Troubleshooting Latency: RDP over SOCKS over SSH is slow.

  • Use /bpp:16 (lower color depth).
  • Use /network:modem to optimize compression.
  • Disable bitmap caching if you are having visual artifacts.

5. Security Boundaries and Detection

The “Type 3” Anomaly

This is the biggest Forensic Indicator of Compromise (IoC) with this technique.

  • Normal RDP: Generates Event ID 4624 with Logon Type 10 (RemoteInteractive).
  • Restricted Admin RDP: Generates Event ID 4624 with Logon Type 3 (Network logon).

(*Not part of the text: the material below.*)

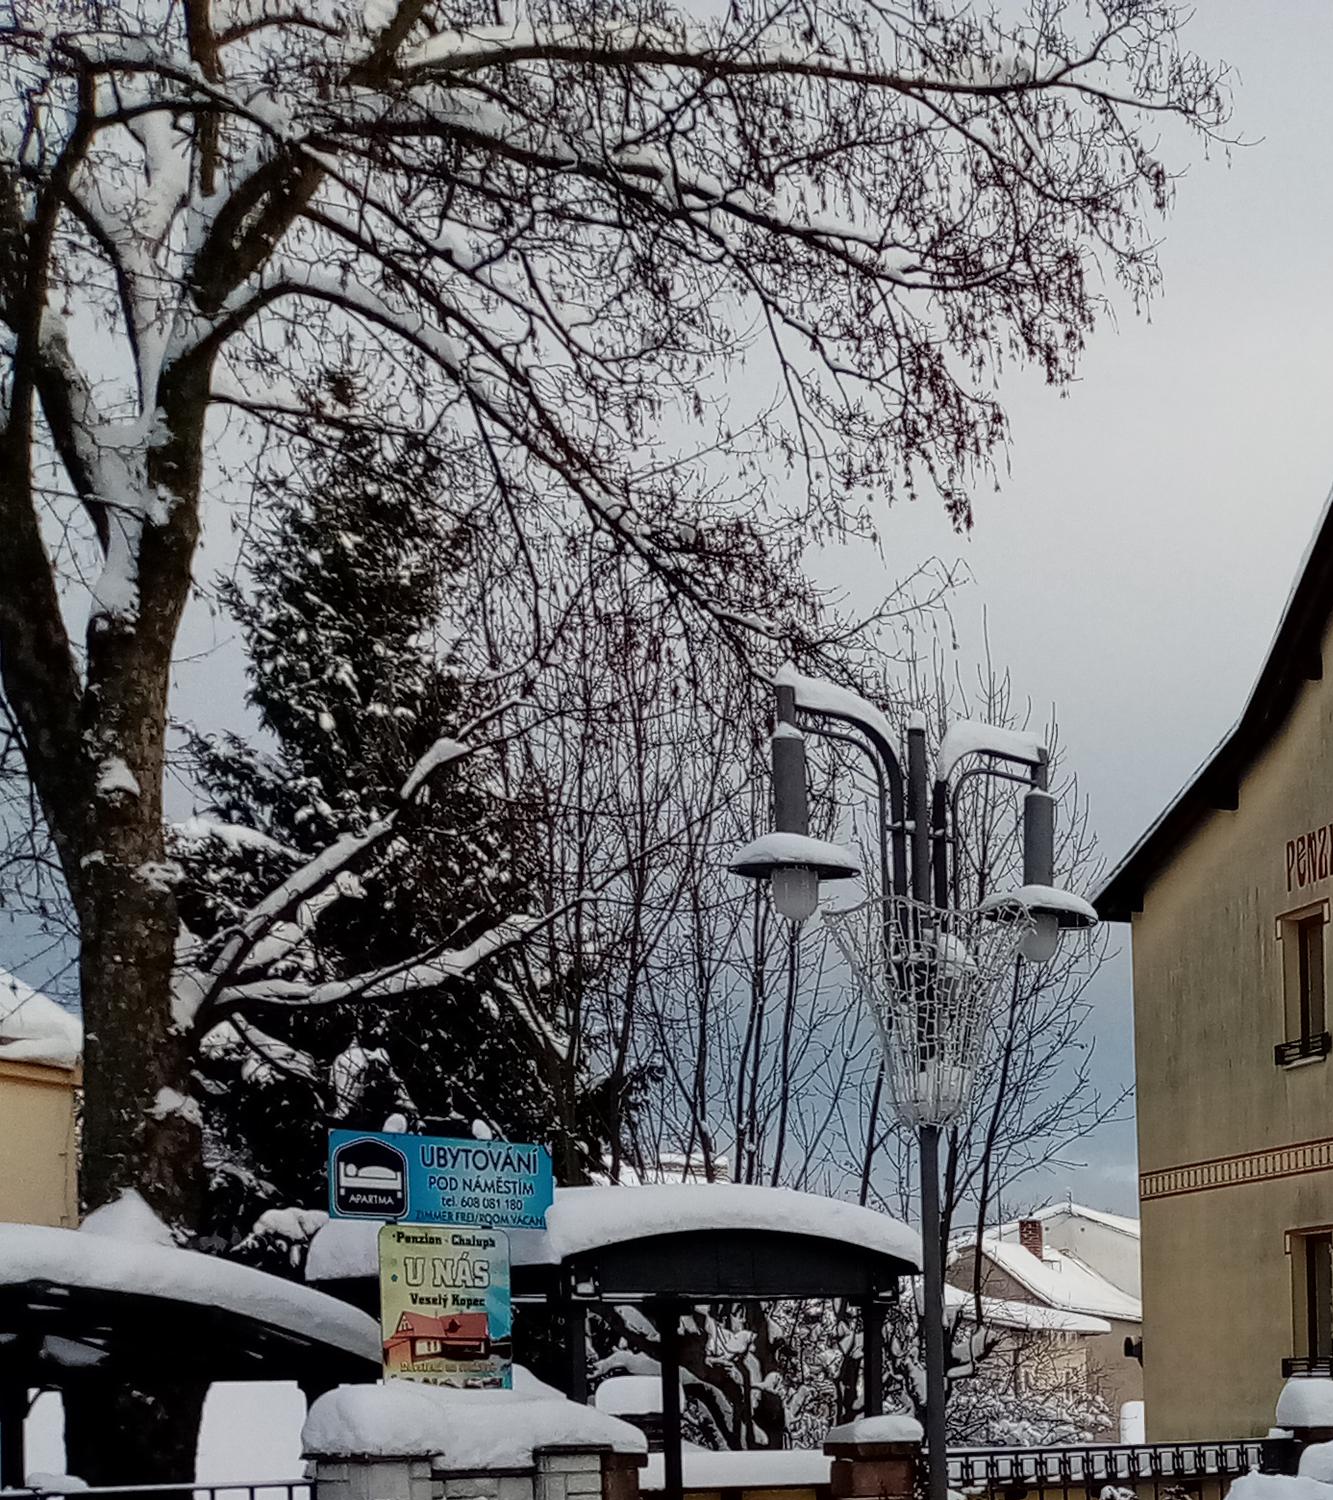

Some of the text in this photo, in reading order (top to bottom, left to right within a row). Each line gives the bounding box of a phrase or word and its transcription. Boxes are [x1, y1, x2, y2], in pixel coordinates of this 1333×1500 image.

Imagine a SOC analyst seeing a “Network Logon” (usually associated with file shares/SMB) that suddenly spawns explorer.exe and user init processes. It is highly suspicious.

Windows Defender Credential Guard

If the target has Credential Guard enabled, NTLM hashes are isolated in a virtualization-based security container (LSAISO). You generally cannot dump hashes from a machine with Credential Guard. However, if you have a hash (stolen from a legacy machine), you can usually still use it to authenticate TO a Credential Guard machine, provided Restricted Admin is on.


6. Alternative: The Windows-on-Windows Method

If you are operating from a Windows attack VM (e.g., Commando VM) inside the network, you can use Mimikatz to inject the hash into your current session and then launch the official Microsoft RDP client (mstsc.exe).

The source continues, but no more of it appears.